Hi Eric,

Yes that's what I've currently done for a package I'm developing, I was 
just wondering if this was ever considered as being the default setting, 
and if the creators decided not to do it because it doesn't play nice with 
some other aspect of Julia.

On Tuesday, April 12, 2016 at 7:30:23 PM UTC-7, Eric Forgy wrote:
>
> Hi Anonymous,
>
> One of the nice things about Julia is that if you want that feature in 
> your code, you just need to do this:
>
> import Base: min, max
>
> min() = Inf
> max() = -Inf
>
> Voila.

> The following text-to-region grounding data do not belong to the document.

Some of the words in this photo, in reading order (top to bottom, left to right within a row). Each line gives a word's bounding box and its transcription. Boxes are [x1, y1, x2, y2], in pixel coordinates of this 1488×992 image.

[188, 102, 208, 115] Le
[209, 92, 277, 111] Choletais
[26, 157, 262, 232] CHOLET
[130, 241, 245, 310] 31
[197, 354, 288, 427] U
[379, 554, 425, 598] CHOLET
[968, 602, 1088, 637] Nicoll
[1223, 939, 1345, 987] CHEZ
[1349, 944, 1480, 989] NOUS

It will be a good/fast as if it was in Base (because it is now - 
> for you and anyone using your package) :)
>
> I hope this helps.
>
> Best regards,
> Eric
>
> On Wednesday, April 13, 2016 at 10:22:10 AM UTC+8, Anonymous wrote:
>>
>> Have the Julia developers considered the effects of setting 
>> Base.min()=Inf and Base.max()=-Inf.  This is common in real analysis since 
>> it plays nice with set theory, i.e.
>>
>> A ⊆ B  =>  max(A) ≤ max(B)
>>
>> A ⊆ B  =>  min(A) ≥ min(B)
>>
>> Thus since the empty set ø is a subset of every set, the max of it 
>> should be smaller than the maximum of any nonempty set, and the min of it 
>> should be larger than the minimum of any nonempty set.